[Recorded data]
----
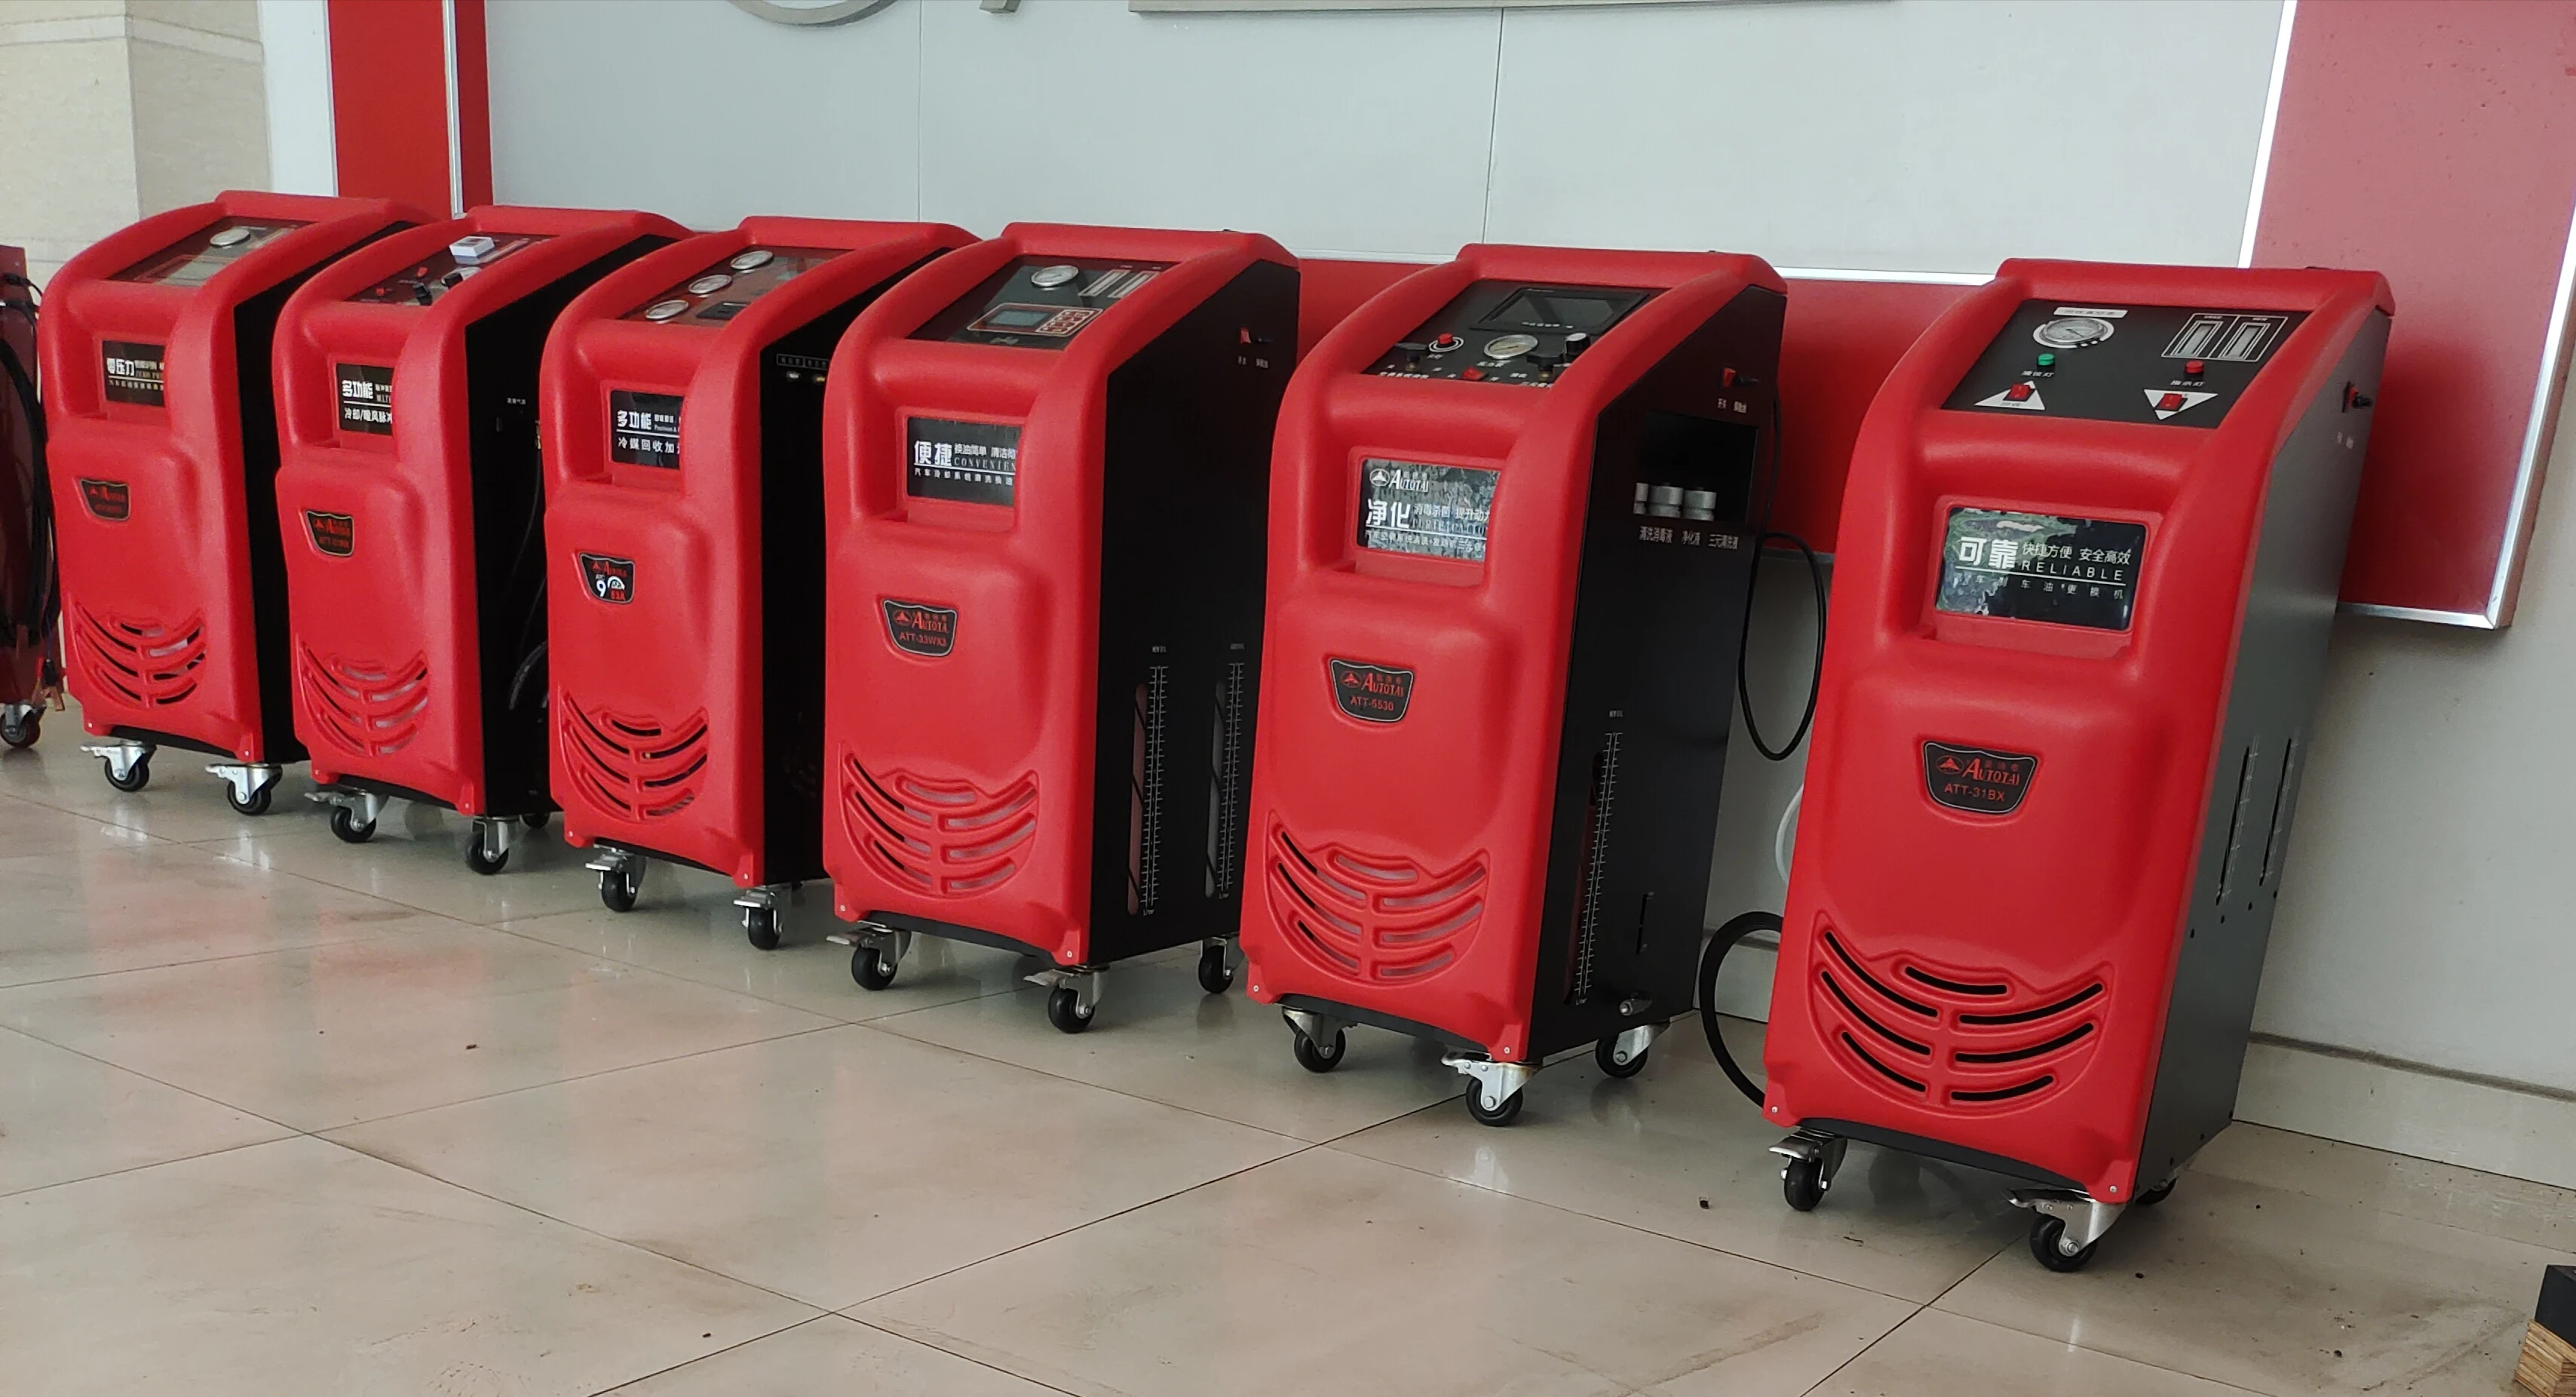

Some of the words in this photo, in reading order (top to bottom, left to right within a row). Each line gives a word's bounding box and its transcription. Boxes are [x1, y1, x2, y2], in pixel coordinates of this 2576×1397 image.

[342, 379, 373, 400] 多功能
[617, 410, 652, 431] 多功能
[913, 440, 952, 467] 便捷
[953, 442, 987, 457] 换油简单
[1388, 469, 1429, 493] AUTOTAI
[1366, 498, 1411, 529] 净化
[1413, 502, 1451, 518] 消毒杀菌
[1959, 536, 2019, 570] 可靠
[2022, 542, 2073, 560] 快捷方便
[2079, 548, 2132, 566] 安全高效
[2021, 560, 2124, 582] RELIABLE
[1360, 672, 1404, 698] AUTOTAI
[1962, 757, 2020, 785] AUTOTAI
[1944, 783, 2004, 801] ATT-31BX
----
**Exercise objective**: Only the records are wanted, copied exactly, with the pictures dropped.

**Response**:
Some of the words in this photo, in reading order (top to bottom, left to right within a row). Each line gives a word's bounding box and its transcription. Boxes are [x1, y1, x2, y2], in pixel coordinates of this 2576×1397 image.

[342, 379, 373, 400] 多功能
[617, 410, 652, 431] 多功能
[913, 440, 952, 467] 便捷
[953, 442, 987, 457] 换油简单
[1388, 469, 1429, 493] AUTOTAI
[1366, 498, 1411, 529] 净化
[1413, 502, 1451, 518] 消毒杀菌
[1959, 536, 2019, 570] 可靠
[2022, 542, 2073, 560] 快捷方便
[2079, 548, 2132, 566] 安全高效
[2021, 560, 2124, 582] RELIABLE
[1360, 672, 1404, 698] AUTOTAI
[1962, 757, 2020, 785] AUTOTAI
[1944, 783, 2004, 801] ATT-31BX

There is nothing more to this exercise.